The Three Most Important Things About Job Interviews Boiling Things Down to Their Essence
“How to interview” is a very popular subject: in magazines, on the Internet, on YouTube, blogs, and websites. Indeed, whole books have been written about the subject. If all this advice were put together, you’d have an encyclopedia to study. But you don’t have the time, or the patience, to read all that stuff.
So, what I want to do in this small guide is to begin by boiling it all down, into a few essential ideas.
Out of all the advice that is out there, here are the three most important things to know about job interviews.
The First Most Important Thing to Know About Interviews
An interview for a job is essentially just a conversation. Let’s use the metaphor of
dating. This conversation is two people—employer and job-hunter—attempting to decide whether or not you both want to try “going steady.” A conversation requires two people, not one. This is not a silent auction. You’re thinking that in the interview it’s all up to the employer. Well, that’s not true. What the employer decides is critical, of course; but so is what you, the job-hunter, decide. If you doubt this last point, meditate on the word “quit.” It’s obvious you have something to say about taking this job, either now or later. (Choose
Now.)
Even if you’re at the end of your rope, flat broke, starving, and you’ve got to take
anything that comes along, at this point, you still have the right to ask intelligent questions during the interview about what you’re getting yourself into. You don’t just sit there, quietly. The job interview should always be a genuine conversation.
It is important to notice that this conversation involves two stages. Most job-hunters assume it has just one: sell the employer on the idea that you’re the best person for the job. From the minute the interview begins, sell, sell, sell.

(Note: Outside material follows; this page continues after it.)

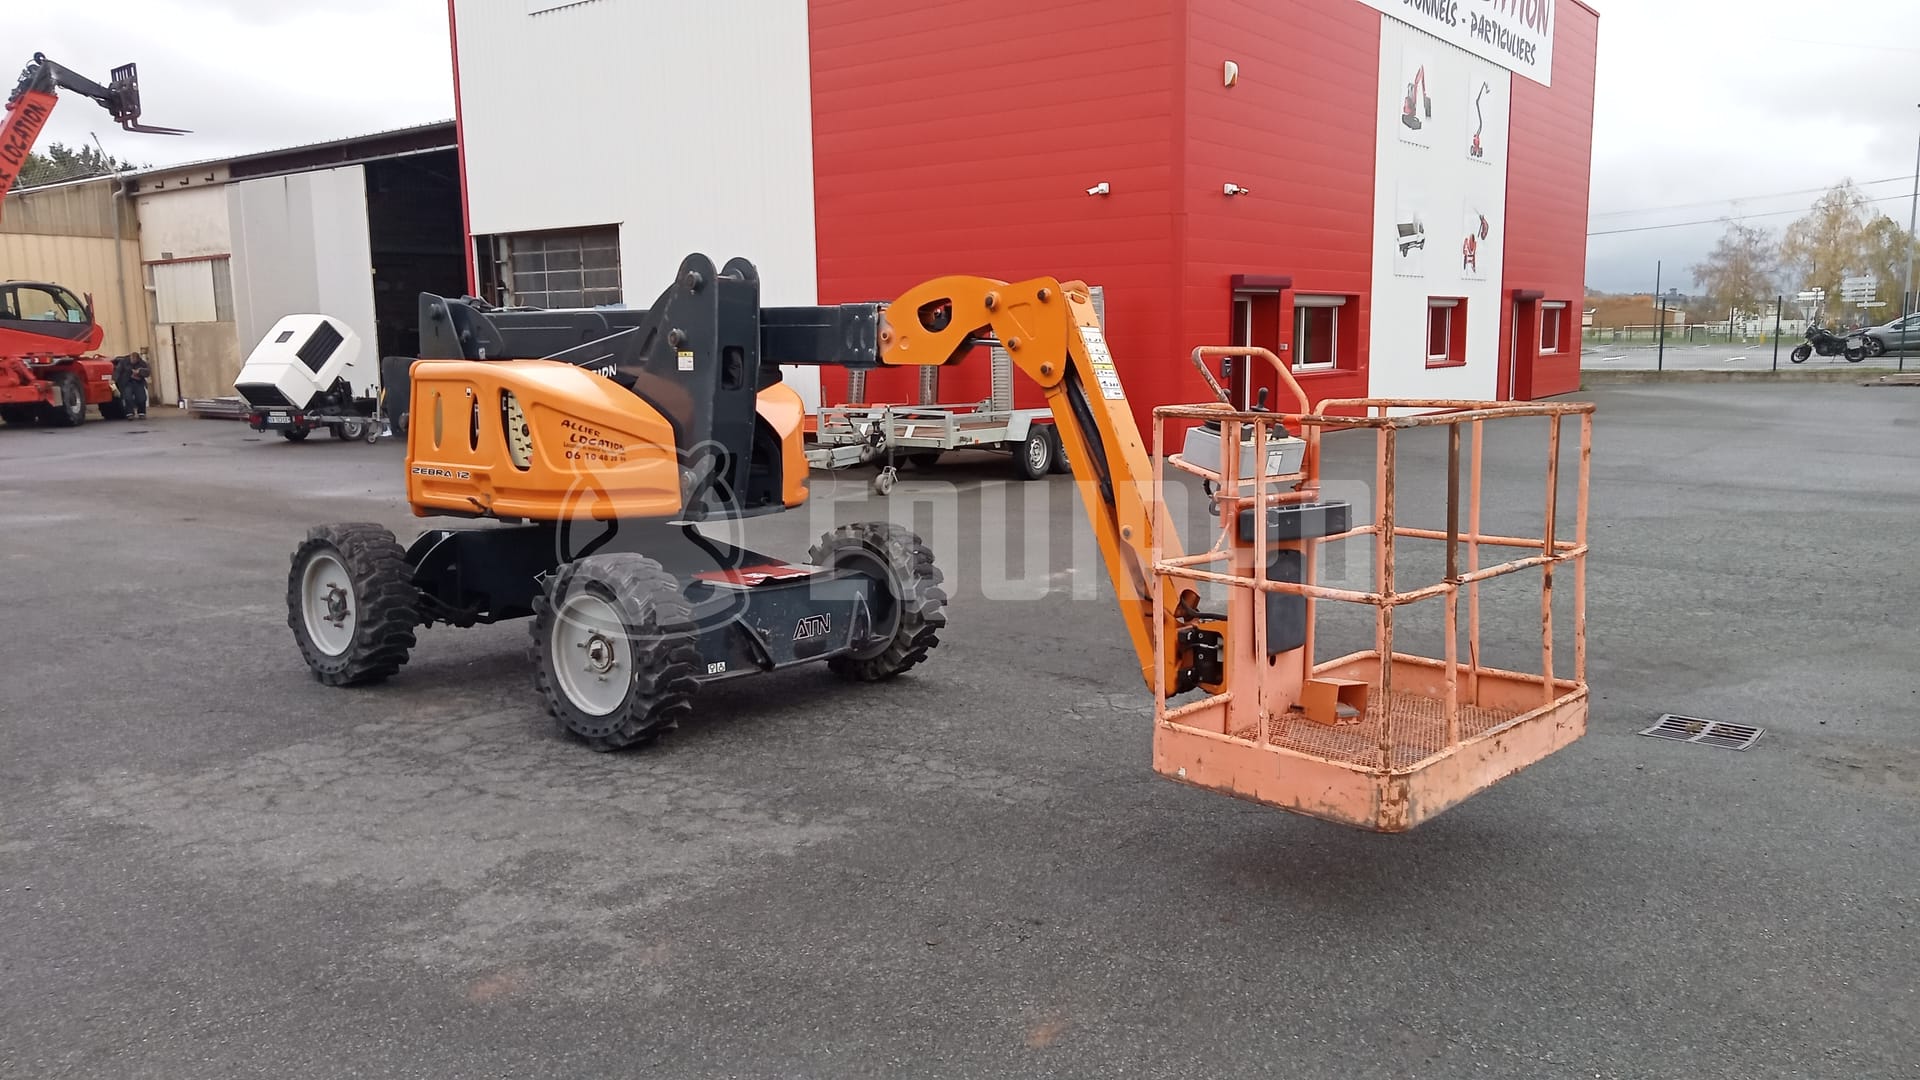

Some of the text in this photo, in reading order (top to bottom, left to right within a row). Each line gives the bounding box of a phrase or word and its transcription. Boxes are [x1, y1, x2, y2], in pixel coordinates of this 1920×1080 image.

No, no, no. A true conversation has two stages, for both participants: first, information gathering, and only then, selling yourself.
What kind of information do you as job-hunter want to gather? That’s pretty simple. You use the interview to satisfy your every curiosity about the place, the job, and the people there. You try to find out “
Do I like you all? Do I want to work here?” You want to find that out
now, not have to quit in two months, or somewhere down the road.
Only when you have finished your information gathering, only if you have concluded “Yes, I think I do want to work here,” do you then turn your energy toward the second phase of the conversation:
marketing—selling them on the idea that You’re The One.
It goes without saying that the interview is an information-gathering process for the employer as well. You already knew that. Whether one person or a team is interviewing you, they are using the interview(s) to find out
“Do we like you? Do we want you? Do you have the skills, knowledge, or experience that we really need? Do you have the right attitude that we are looking for? And, how will you fit in with our other employees?” Only if they decide that they want you, do they then enter into
their second phase: selling you on the idea that this would be a good place for you to work.
So there you have it, the first most important thing about the interview: It is a two-way conversation, between you and the employer, that has two steps for each of you: collecting information, then—and only then—selling.